*** Opening of Provided data ***
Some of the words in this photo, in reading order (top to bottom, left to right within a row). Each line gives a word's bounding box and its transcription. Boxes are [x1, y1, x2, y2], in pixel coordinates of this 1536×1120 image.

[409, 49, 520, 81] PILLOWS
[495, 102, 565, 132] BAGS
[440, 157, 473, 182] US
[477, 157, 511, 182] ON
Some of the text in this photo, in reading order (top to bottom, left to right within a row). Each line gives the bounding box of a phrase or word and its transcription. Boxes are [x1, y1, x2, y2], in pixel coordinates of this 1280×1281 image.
*** Close of Provided data ***
*** Opening of Provided data ***
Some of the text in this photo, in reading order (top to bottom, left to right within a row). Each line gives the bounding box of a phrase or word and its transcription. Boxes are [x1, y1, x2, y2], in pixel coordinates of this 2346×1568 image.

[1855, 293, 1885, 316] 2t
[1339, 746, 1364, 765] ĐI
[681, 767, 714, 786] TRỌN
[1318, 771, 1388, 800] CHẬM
*** Close of Provided data ***
Above are the records. Copy the lines beginning at the one that has "Some of the words" and ending with the one that has "this 1280×1281 image.", unchanged.

◆ **Answer for the task**
Some of the words in this photo, in reading order (top to bottom, left to right within a row). Each line gives a word's bounding box and its transcription. Boxes are [x1, y1, x2, y2], in pixel coordinates of this 1536×1120 image.

[409, 49, 520, 81] PILLOWS
[495, 102, 565, 132] BAGS
[440, 157, 473, 182] US
[477, 157, 511, 182] ON
Some of the text in this photo, in reading order (top to bottom, left to right within a row). Each line gives the bounding box of a phrase or word and its transcription. Boxes are [x1, y1, x2, y2], in pixel coordinates of this 1280×1281 image.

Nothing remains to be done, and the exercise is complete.